En puisant au coeur de la génétique, nous voulions proposer un modèle mathématique qui puisse rendre compte de l'évolution des stratégies d'un groupe d'élèves, c'est chose faite ! A vous maintenant, cher lecteur, de juger à l'aune de votre expérience la pertinence d'une telle proposition !

Post-scriptum: S'il est facile de montrer qu'au jeu des triplets le premier joueur peut toujours gagner lorsque n est impair, cela n'est plus aussi simple lorsque n est pair. Sur la plupart des terrains pairs le joueur qui commence semble pouvoir gagner, mais il y a des exceptions et celles-ci ne suivent aucune loi connue !

Bibliographie

CHAPEVILLE, F. ET AL. (1979). Le darwinisme aujourd'hui. Paris : Seuil.

DE POSSEL, R. (1936). Sur la théorie mathématique des jeux de hasard et de réflexion. In H. MOULIN, (1979), Fondation de la théorie des jeux (pp. 83-120). Paris : Hermann.

GARDNER, M. (1986). Le monde mathématique de Martin Gardner. Paris : Pour la science.

GENOUD, A. (1999). Les jeux de Nim. Math-Ecole, n° 186, 17-25.

HOLLAND, J. H. (1975). Adaptation in natural and artificial systems: an introductory analysis with applications to biology, control, and artificial intelligence. Ann Arbor : The University of Michigan Press.

JAQUET, F. (1997). Jeux de NIM. Math-Ecole, n° 176, 25-34.

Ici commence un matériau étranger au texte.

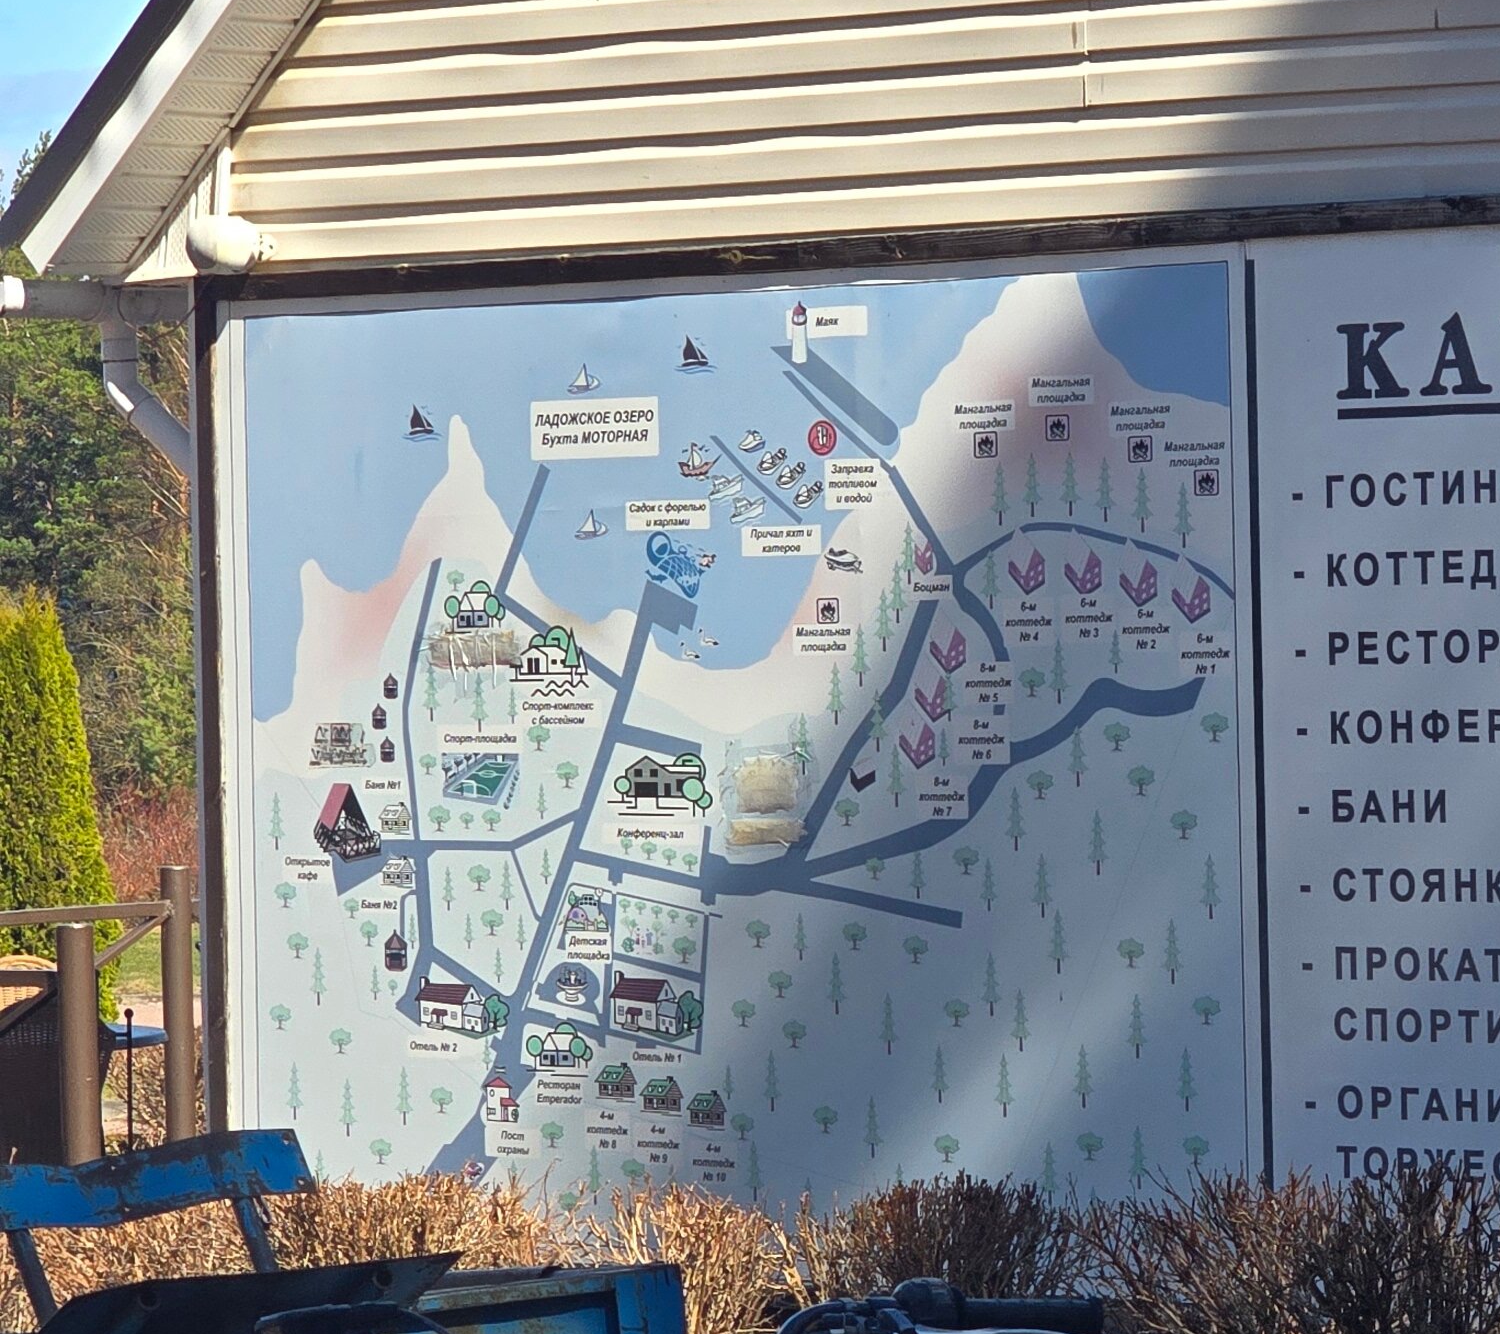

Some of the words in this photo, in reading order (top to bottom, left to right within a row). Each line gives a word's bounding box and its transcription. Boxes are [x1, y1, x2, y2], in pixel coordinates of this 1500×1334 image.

[816, 317, 838, 326] Маяк
[1032, 378, 1090, 388] Мангальная
[1037, 392, 1085, 403] площадка
[955, 404, 1013, 418] Мангальная
[1111, 406, 1170, 416] Мангальная
[535, 412, 611, 428] ЛАДОЖСКОЕ
[614, 410, 653, 423] ОЗЕРО
[959, 418, 1008, 431] площадка
[1116, 419, 1165, 431] площадка
[542, 433, 578, 448] Бухта
[582, 429, 648, 443] МОТОРНАЯ
[1164, 442, 1225, 451] Мангальная
[1169, 455, 1219, 467] площадка
[831, 464, 874, 475] Заправка
[845, 493, 872, 503] водой
[629, 503, 655, 512] Садок
[665, 502, 706, 513] форелью
[654, 519, 690, 528] карпами
[751, 529, 782, 540] Причал
[762, 545, 800, 554] катеров
[914, 583, 950, 593] Боцман
[1006, 616, 1052, 627] коттедж
[1065, 612, 1113, 623] коттедж
[796, 627, 851, 636] Мангальная
[1122, 623, 1170, 634] коттедж
[801, 641, 846, 652] площадка
[1181, 648, 1230, 659] коттедж
[965, 677, 1012, 688] коттедж
[523, 701, 593, 712] Спорт-комплекс
[539, 715, 584, 728] бассейном
[444, 733, 516, 745] Спорт-площадка
[958, 734, 1004, 744] коттедж
[365, 779, 386, 790] Баня
[919, 791, 965, 801] коттедж
[1332, 790, 1446, 823] БАНИ
[617, 828, 683, 839] Конференц-зал
[285, 857, 330, 868] Открытое
[298, 871, 317, 881] кафе
[361, 899, 381, 909] Баня
[569, 936, 607, 947] Детская
[568, 951, 610, 960] площадка
[409, 1040, 439, 1052] Отель
[633, 1051, 662, 1062] Отель
[537, 1080, 581, 1091] Ресторан
[537, 1094, 583, 1105] Emperador
[587, 1125, 628, 1135] коттедж
[501, 1131, 524, 1141] Пост
[637, 1140, 680, 1149] коттедж
[497, 1146, 529, 1156] охраны
[693, 1158, 735, 1168] коттедж

PIAGET, J. (1967). Intelligence et adaptation biologique. In Les processus d'adaptation: symposium de l'Association de psychologie scientifique de langue française, Marseille, 1965 (pp. 65-81). Paris : Presses Universitaires de France.

ZERMELO, E. (1913). Uber eine Anwendung der Mengenlehre auf die Theorie des Schachspiels. Proceedings, Fifth International Congress of Mathematicians, 2, 501-504.